Так по государеву слову и вышло. Спустя полвека Никита Михайлов сын Фрязин был уже хорошо известен московским служивым людям как один из лучших оружейного дела мастеров, нередко исполнявший заказы для царского двора. По отцовскому примеру он, испросивши на то государева соизволения, побывал в чужих краях – недолго, но с пользой. До Медиолана, где учился отец, не доехал, но в немецких землях и королевстве французском кое-чему поучился, присовокупив увиденное к унаследованному таланту. Фрязинские самострелы с особым устройством взвода пробивали дубовую доску такой толщины, что не всякая и пищаль возьмет, а сработанные им колесцовые замки к пистолям и фузеям были безотказны в любую погоду. Грозный для других, царь Иоанн Васильевич был неизменно милостив к своему розмыслу4 – особенно после Казанского похода, где Никита ладил к пушечным станкам новые винтовые упоры, много ускорявшие наводку и делавшие ее более точной. Да и раньше того не бывал мастер обойден государевой милостью.
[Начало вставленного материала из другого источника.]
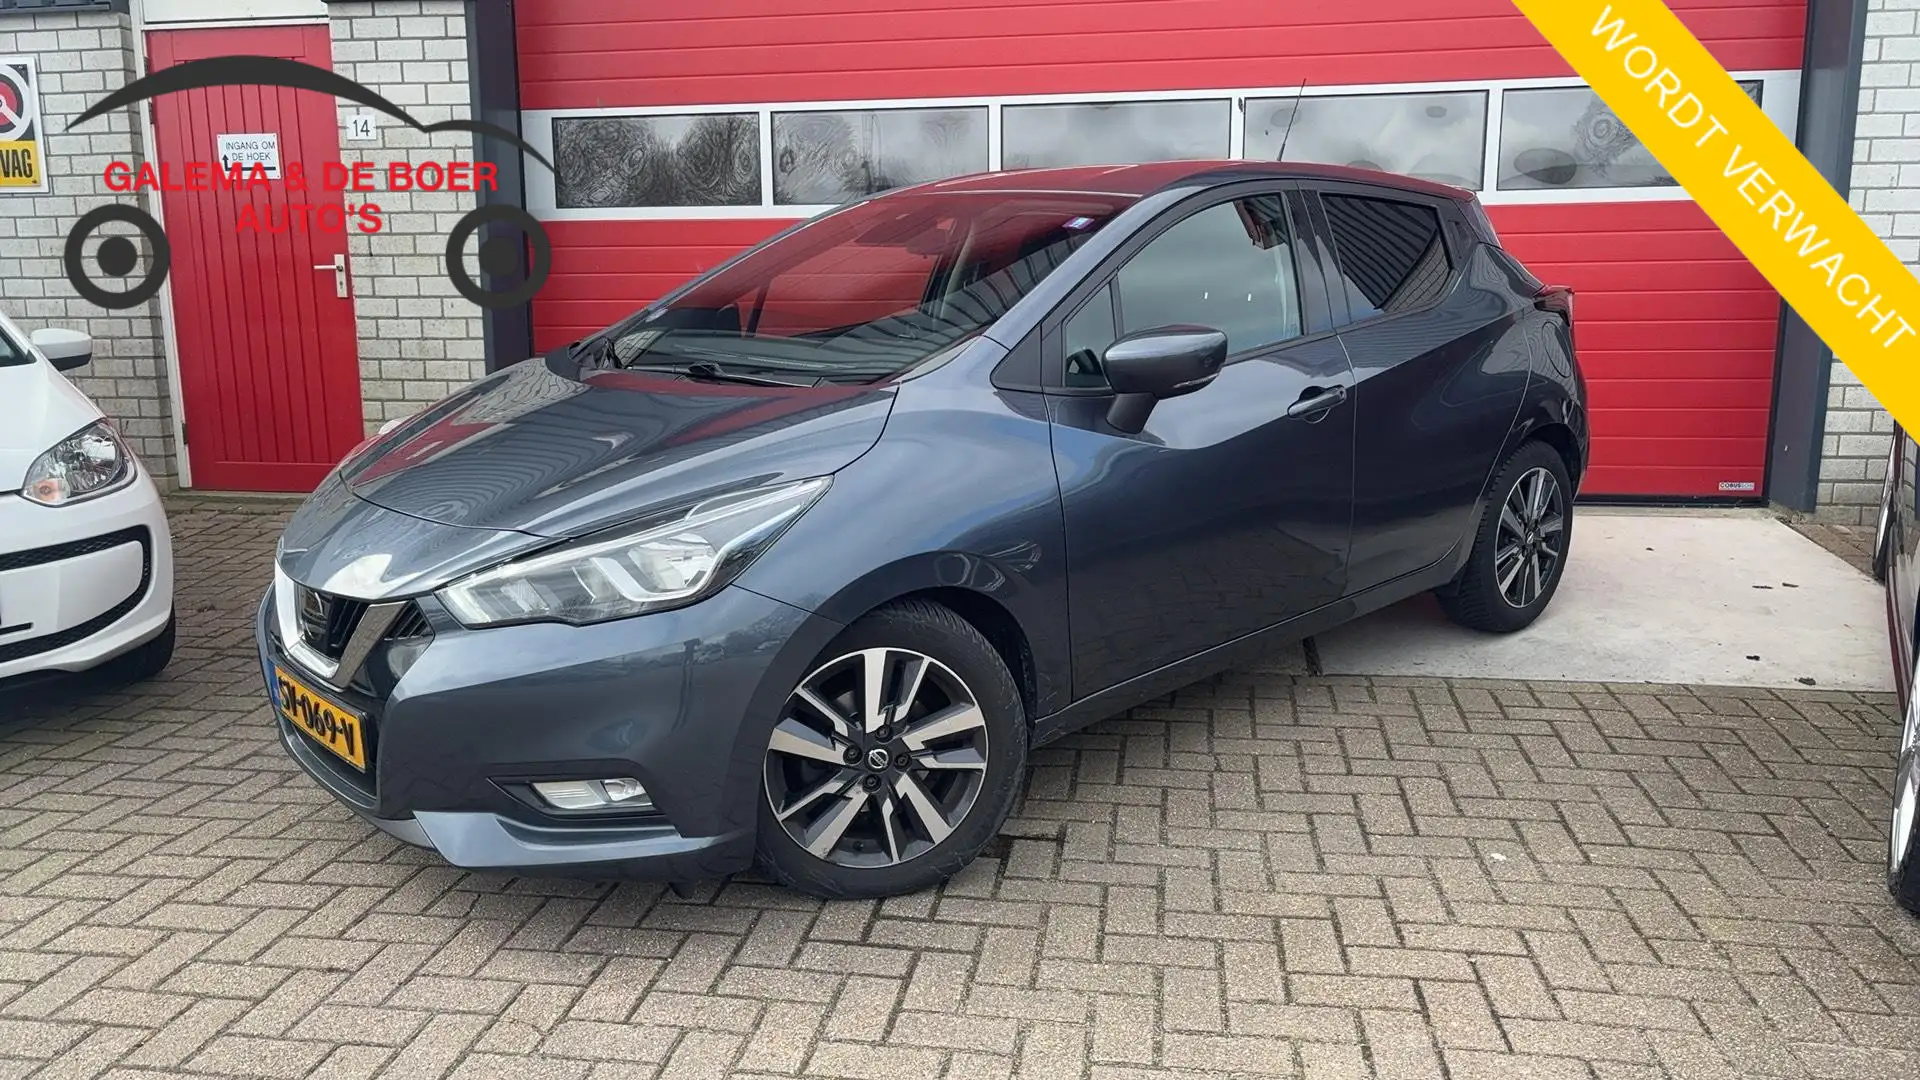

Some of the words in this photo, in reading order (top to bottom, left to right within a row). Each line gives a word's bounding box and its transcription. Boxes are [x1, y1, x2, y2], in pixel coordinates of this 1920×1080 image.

[353, 119, 370, 137] 14
[225, 142, 259, 150] INGANG
[261, 141, 276, 149] OM
[232, 152, 244, 161] DE
[247, 152, 271, 161] HOEK
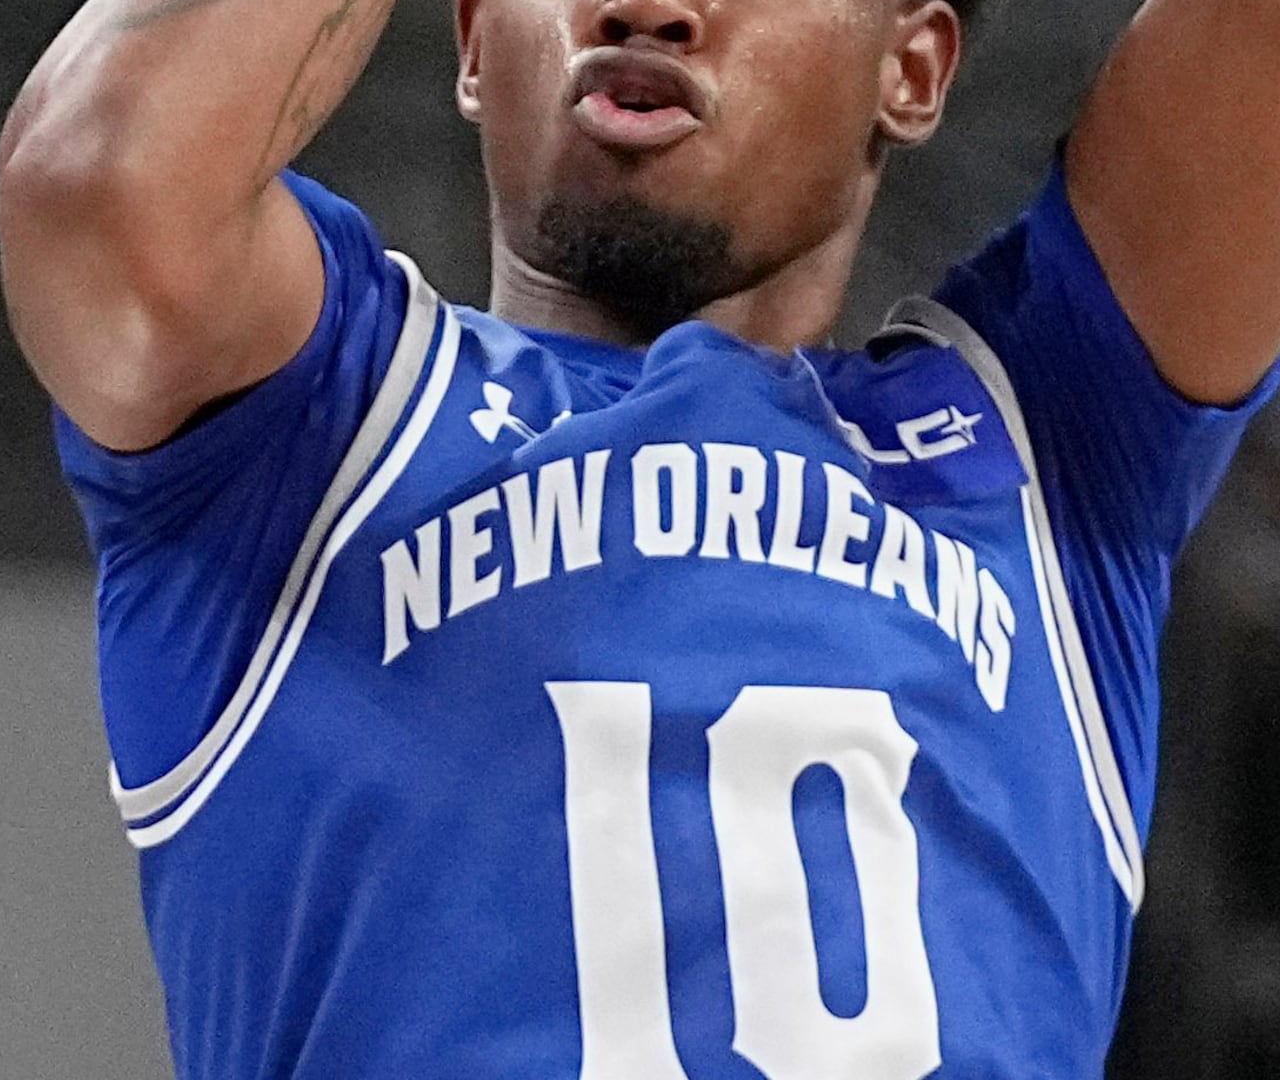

В тот год, как Иоанн Васильевич, присовокупивши к великокняжеским и прочим титулам первый и самоглавнейший – царь всея Руси, – взял в жены юную Захарьину и пол-Москвы сгорело от великих пожаров, радость пополам с бедою пришла и в дом Фрязиных: декабрем, едва успели снова отстроиться на пепелище, родилась у них третья дочь (первые две не выжили), а хозяйку Господь прибрал. Случилось это под самое Рождество, а в канун поминовения мученицы Анастасии Узорешительницы надо было Никите отнести готовую работу – ларец с хитрым запором, заказанный государем в подарок царице к ее тезоименитству. Пощелкав малым, в полмизинца, ключиком и с удовольствием послушав тонкий, отчетистый звон пружинок, молодой царь светло поглядел на мастера:
– Спаси Бог, Никитушка, снова ты нам угодил. А сам-то чего невесел?
– Горе у меня, великий государь. Радоваться бы – дочку Бог послал, дак… хозяйка приказала долго жить…
– Родами, што ль, померла?
Никита только покивал, не в силах ответить, с трудом вымолвил:
– Вишь, как оно получилось – завтра и похороны у меня, и крестины…
– Завтра, говоришь?
– Так, великий государь. Осьмой день потому. Поп молвил: не окрестишь на осьмой день, жди сорокового. Оно б и можно, да боязно – а ну как помрет дитё некрещеным…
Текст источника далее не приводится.